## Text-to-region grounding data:
++++
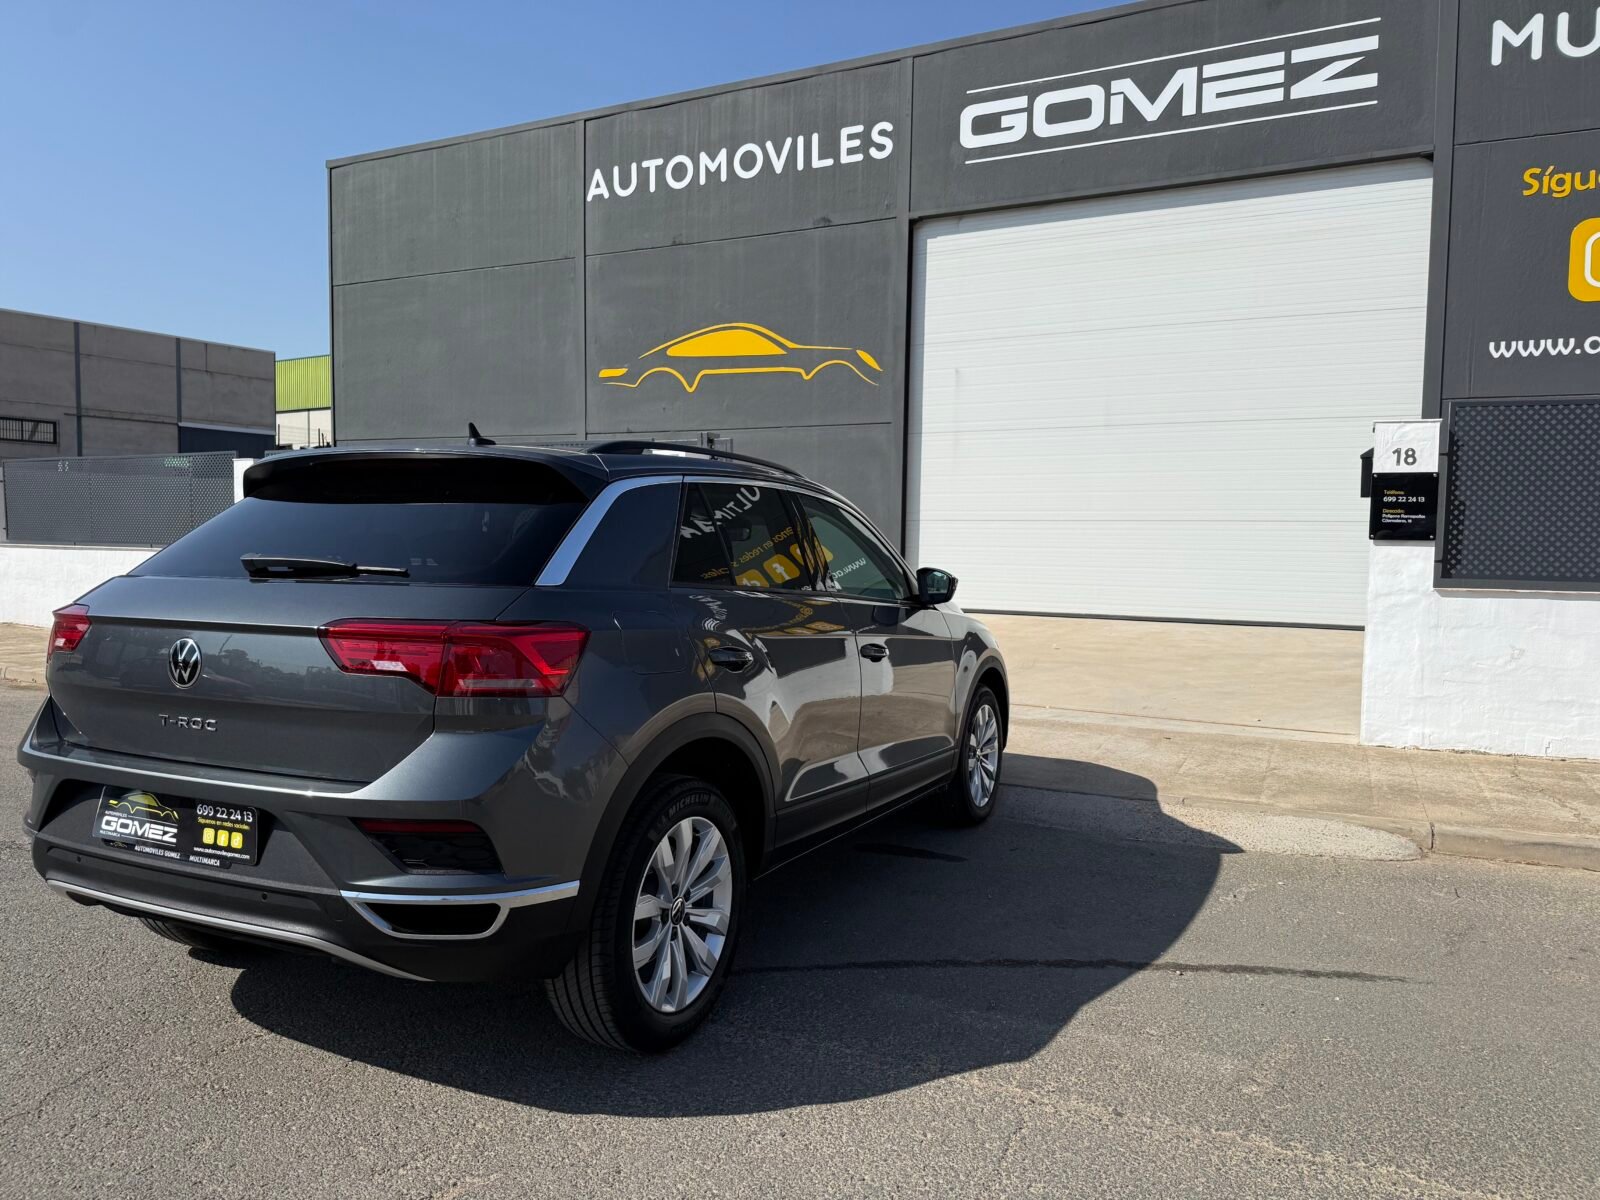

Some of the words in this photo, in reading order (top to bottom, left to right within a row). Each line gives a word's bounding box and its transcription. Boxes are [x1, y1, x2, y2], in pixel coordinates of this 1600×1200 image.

[960, 35, 1379, 149] GOMEZ
[586, 121, 894, 202] AUTOMOVILES
[1522, 165, 1600, 198] Sígu
[1391, 447, 1418, 467] 18
[158, 713, 218, 732] T-ROC
[196, 803, 214, 817] 699
[215, 807, 228, 819] 22
[229, 809, 242, 821] 24
[243, 811, 253, 823] 13
[101, 815, 178, 843] GOMEZ
[134, 845, 164, 857] AUTOMOVILES
[164, 849, 181, 860] GOMEZ
[188, 854, 220, 867] MULTIMARCA
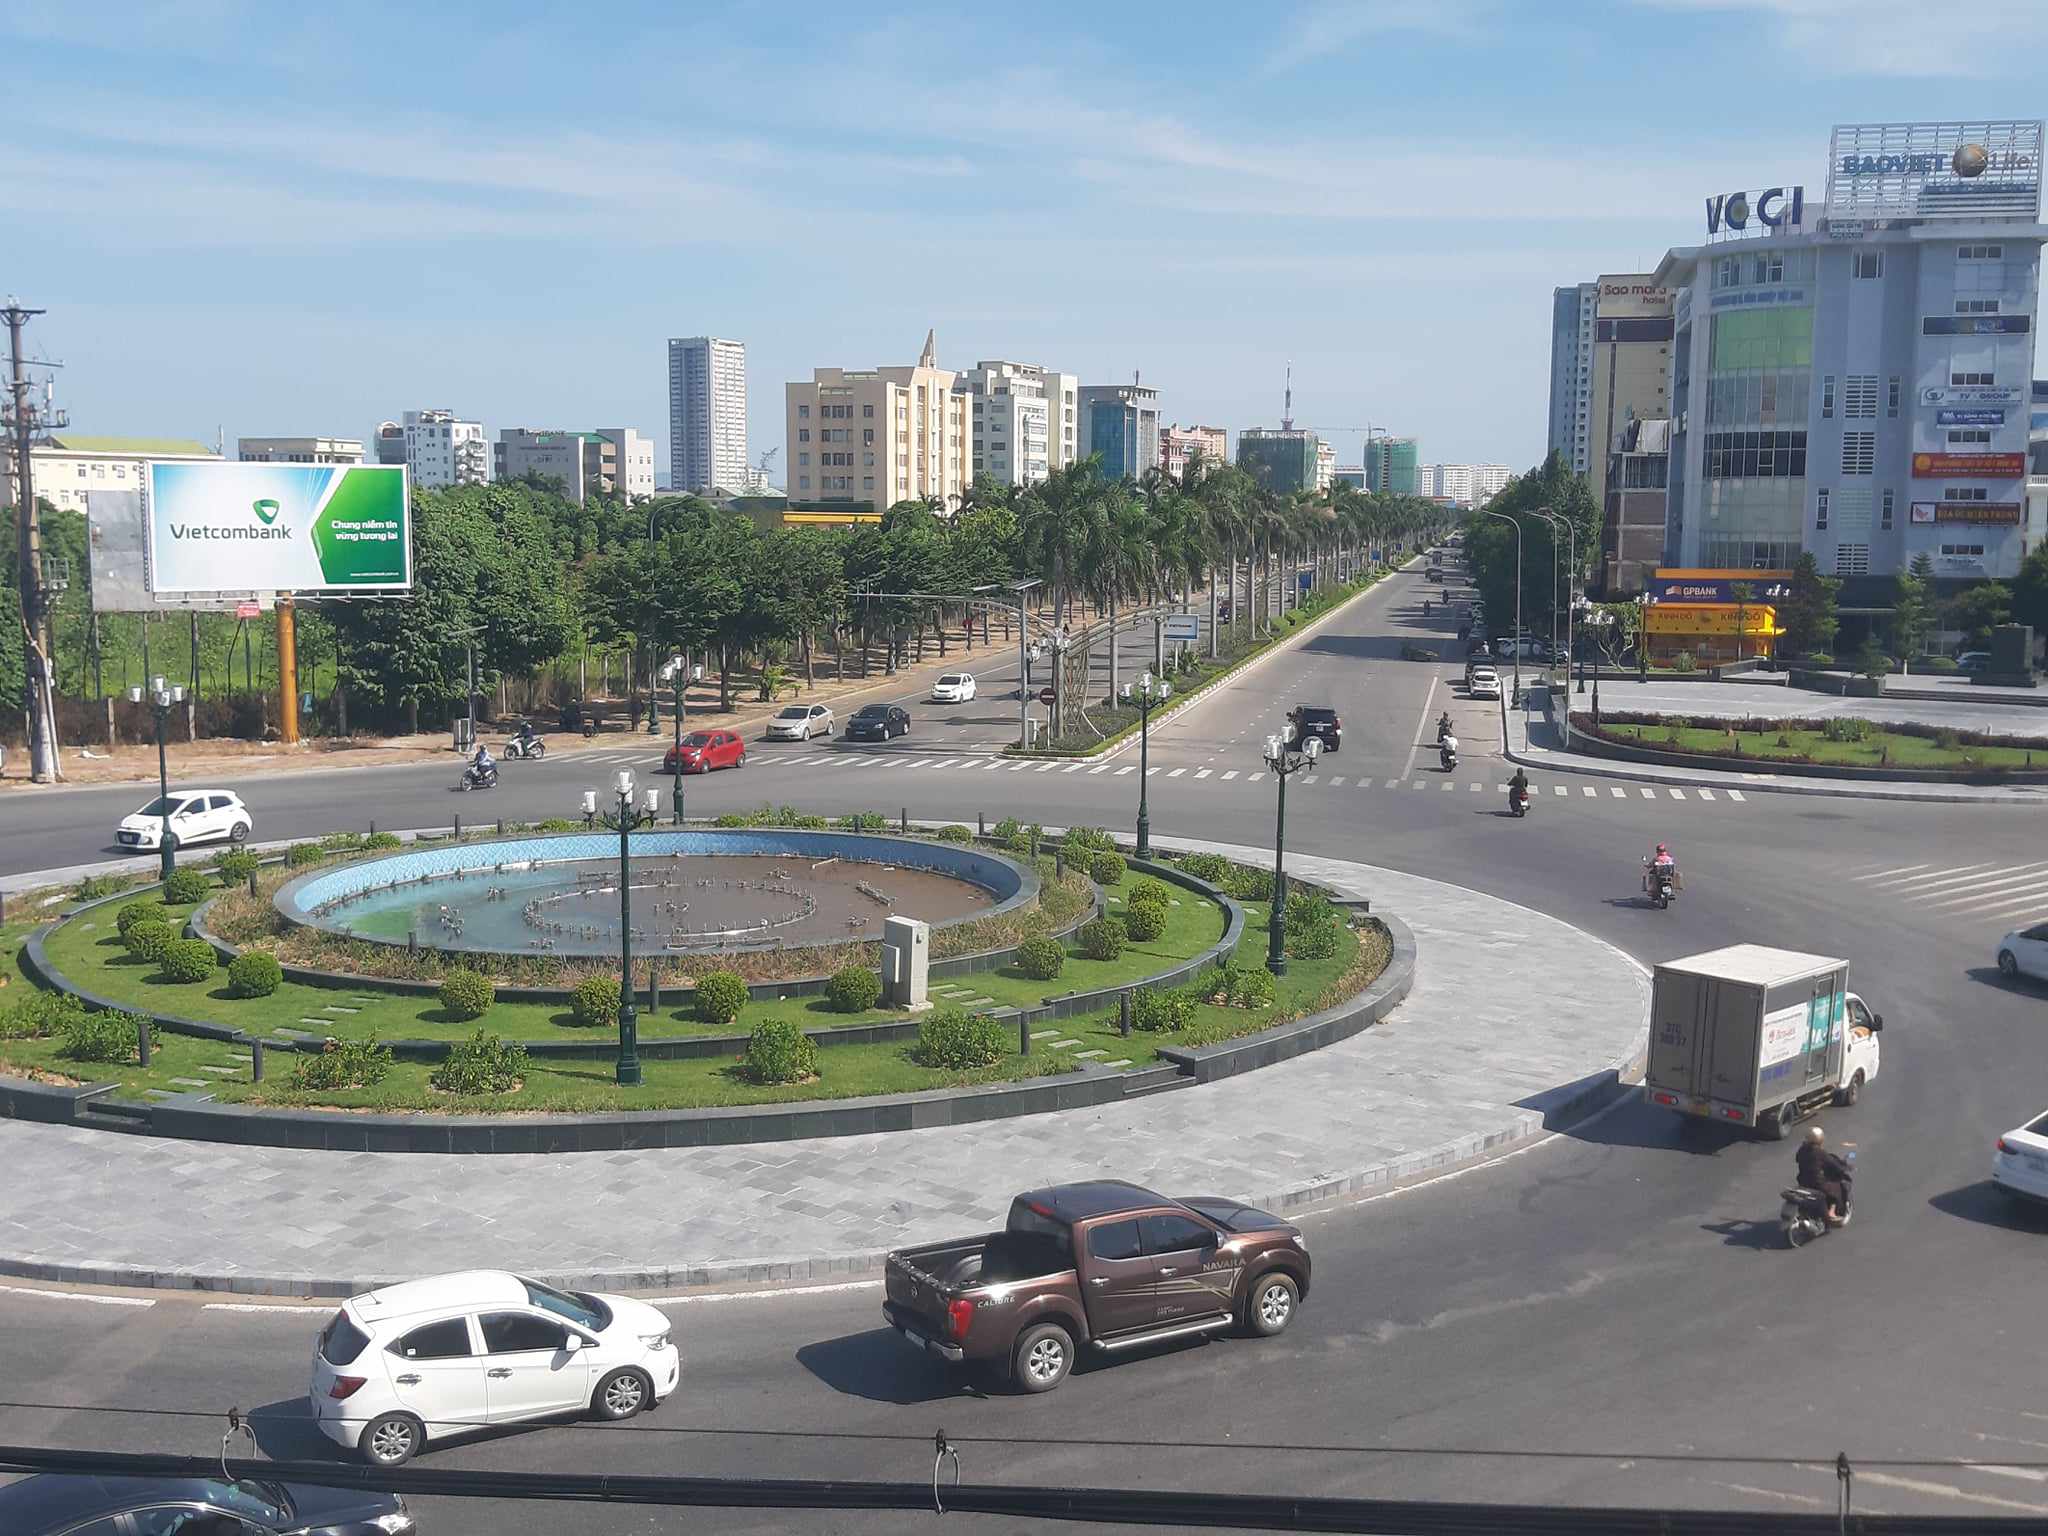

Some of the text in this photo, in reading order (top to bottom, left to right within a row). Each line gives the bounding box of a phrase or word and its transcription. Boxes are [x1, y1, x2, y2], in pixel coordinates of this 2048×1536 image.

[1706, 186, 1804, 234] VCCI
[1605, 285, 1629, 295] Sao
[331, 520, 360, 530] Chung
[385, 520, 398, 528] tin
[170, 523, 292, 540] Vietcombank
[1683, 586, 1717, 595] GPBANK
[1203, 1258, 1246, 1272] NAVARA
++++
## Problem:
Excluding every picture, write out each record word for word.

## Solution to this exercise:
Some of the words in this photo, in reading order (top to bottom, left to right within a row). Each line gives a word's bounding box and its transcription. Boxes are [x1, y1, x2, y2], in pixel coordinates of this 1600×1200 image.

[960, 35, 1379, 149] GOMEZ
[586, 121, 894, 202] AUTOMOVILES
[1522, 165, 1600, 198] Sígu
[1391, 447, 1418, 467] 18
[158, 713, 218, 732] T-ROC
[196, 803, 214, 817] 699
[215, 807, 228, 819] 22
[229, 809, 242, 821] 24
[243, 811, 253, 823] 13
[101, 815, 178, 843] GOMEZ
[134, 845, 164, 857] AUTOMOVILES
[164, 849, 181, 860] GOMEZ
[188, 854, 220, 867] MULTIMARCA

Some of the text in this photo, in reading order (top to bottom, left to right within a row). Each line gives the bounding box of a phrase or word and its transcription. Boxes are [x1, y1, x2, y2], in pixel coordinates of this 2048×1536 image.

[1706, 186, 1804, 234] VCCI
[1605, 285, 1629, 295] Sao
[331, 520, 360, 530] Chung
[385, 520, 398, 528] tin
[170, 523, 292, 540] Vietcombank
[1683, 586, 1717, 595] GPBANK
[1203, 1258, 1246, 1272] NAVARA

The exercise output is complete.